• [EXERCISE DIRECTIONS]:
A verbatim transcript of the data below is required, images omitted.

[Annotated photo localization data]
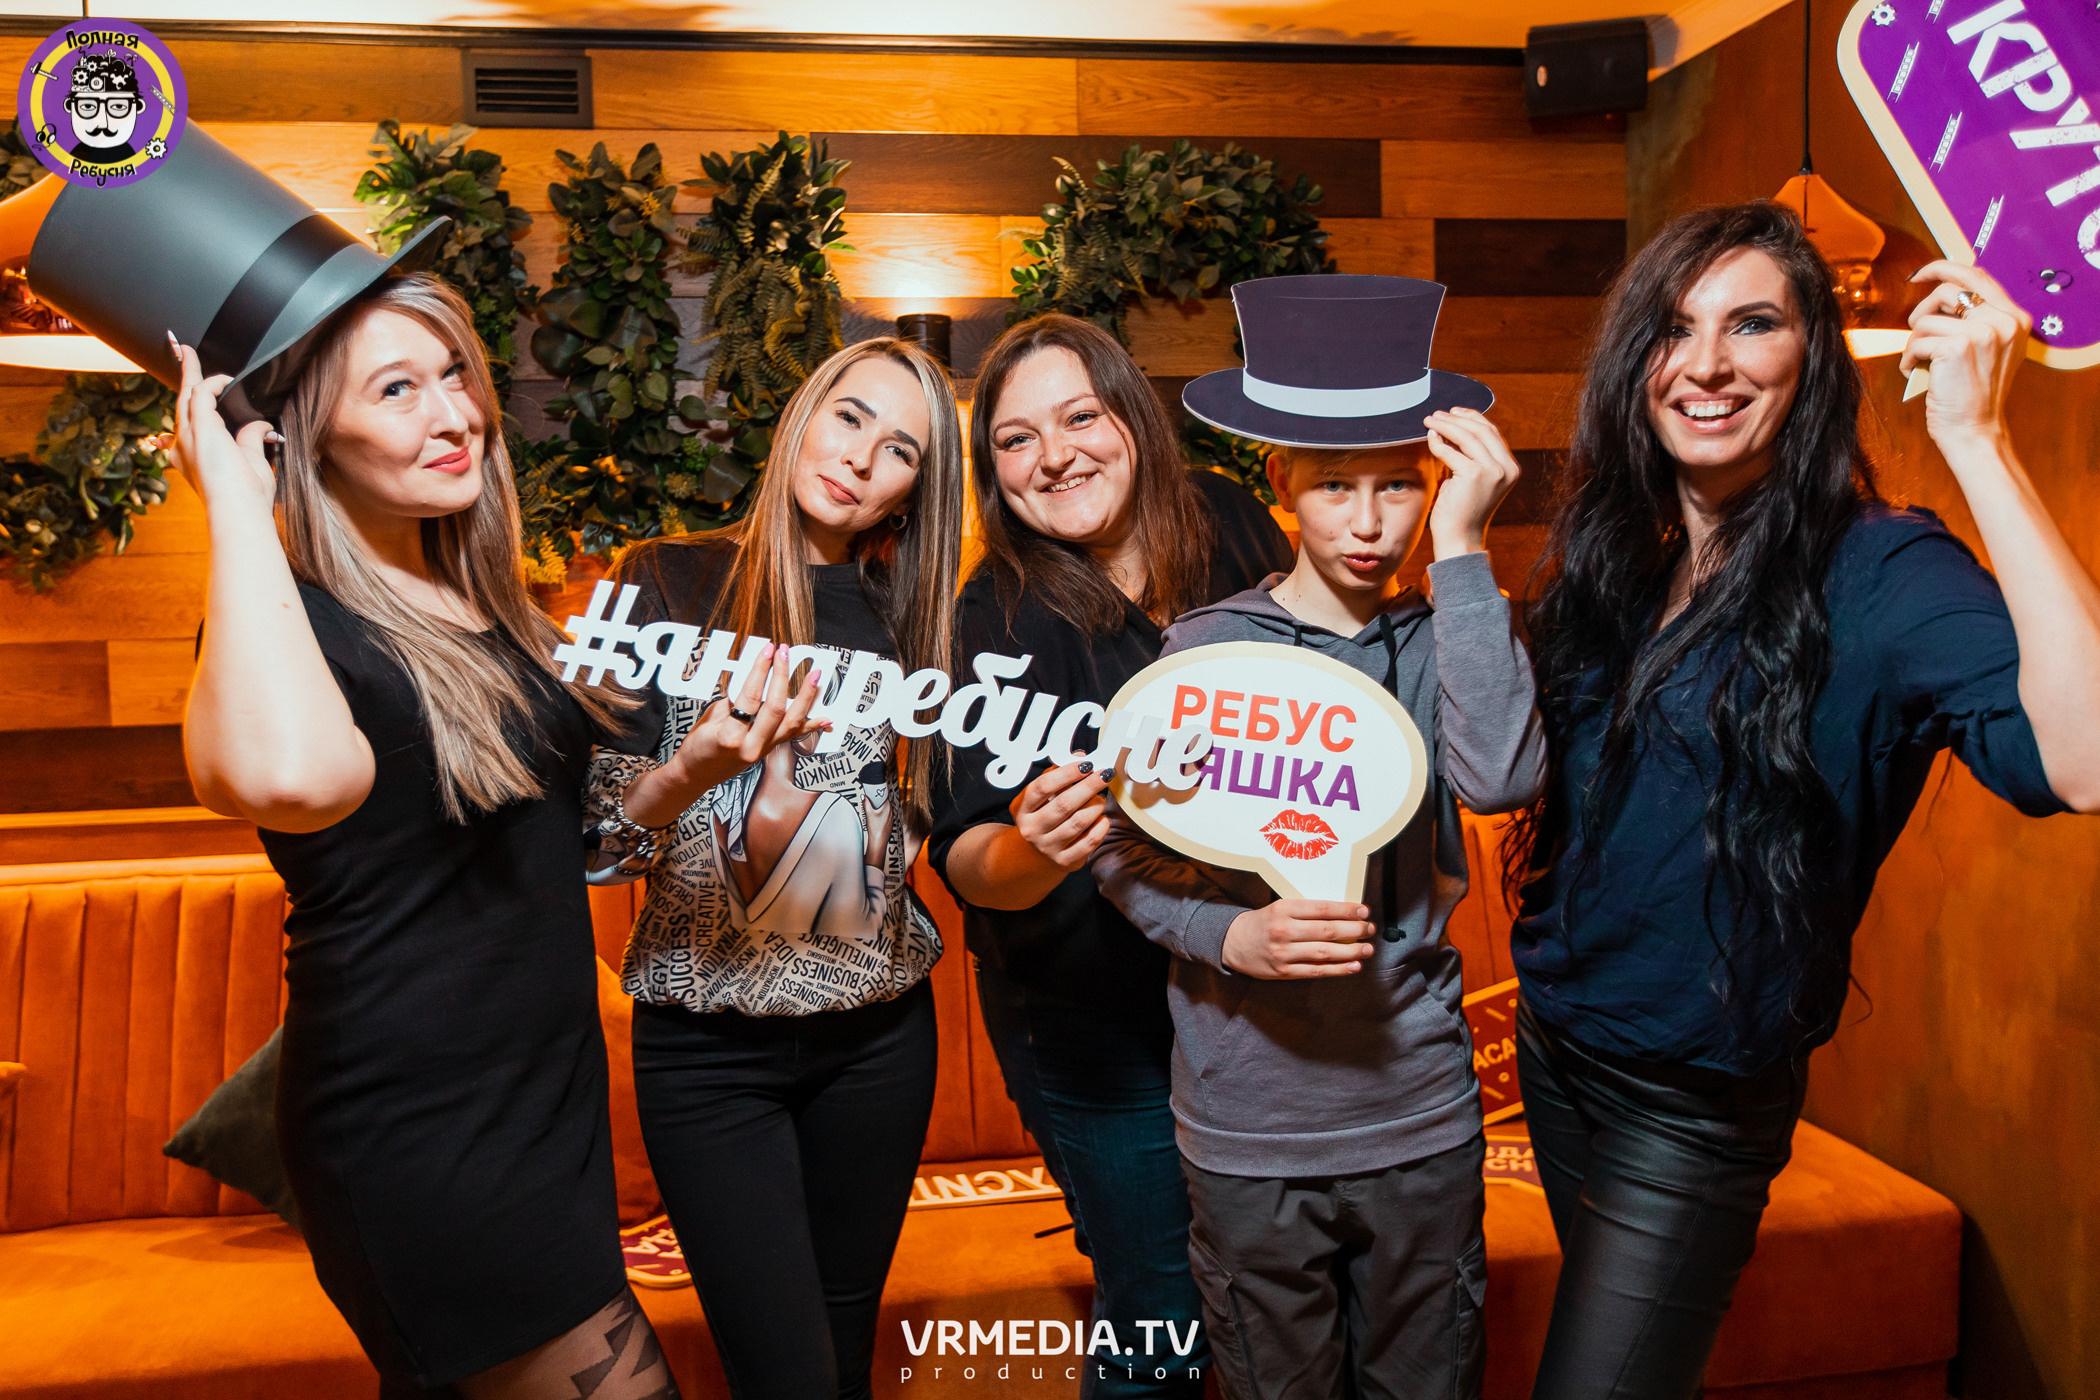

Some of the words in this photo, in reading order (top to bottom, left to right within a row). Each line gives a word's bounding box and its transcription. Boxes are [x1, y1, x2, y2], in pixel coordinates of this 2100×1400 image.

[1170, 684, 1357, 753] РЕБУС
[695, 881, 716, 947] CREATIVE
[668, 912, 696, 1000] SUCCESS
[764, 931, 797, 965] IDEA
[706, 945, 759, 1000] INSPIRATION
[756, 965, 781, 1001] INSPIRATION
[779, 978, 832, 1010] BUSINESS
[791, 957, 861, 989] BUSINESS

• [TASK RESULT]:
Some of the words in this photo, in reading order (top to bottom, left to right within a row). Each line gives a word's bounding box and its transcription. Boxes are [x1, y1, x2, y2], in pixel coordinates of this 2100×1400 image.

[1170, 684, 1357, 753] РЕБУС
[695, 881, 716, 947] CREATIVE
[668, 912, 696, 1000] SUCCESS
[764, 931, 797, 965] IDEA
[706, 945, 759, 1000] INSPIRATION
[756, 965, 781, 1001] INSPIRATION
[779, 978, 832, 1010] BUSINESS
[791, 957, 861, 989] BUSINESS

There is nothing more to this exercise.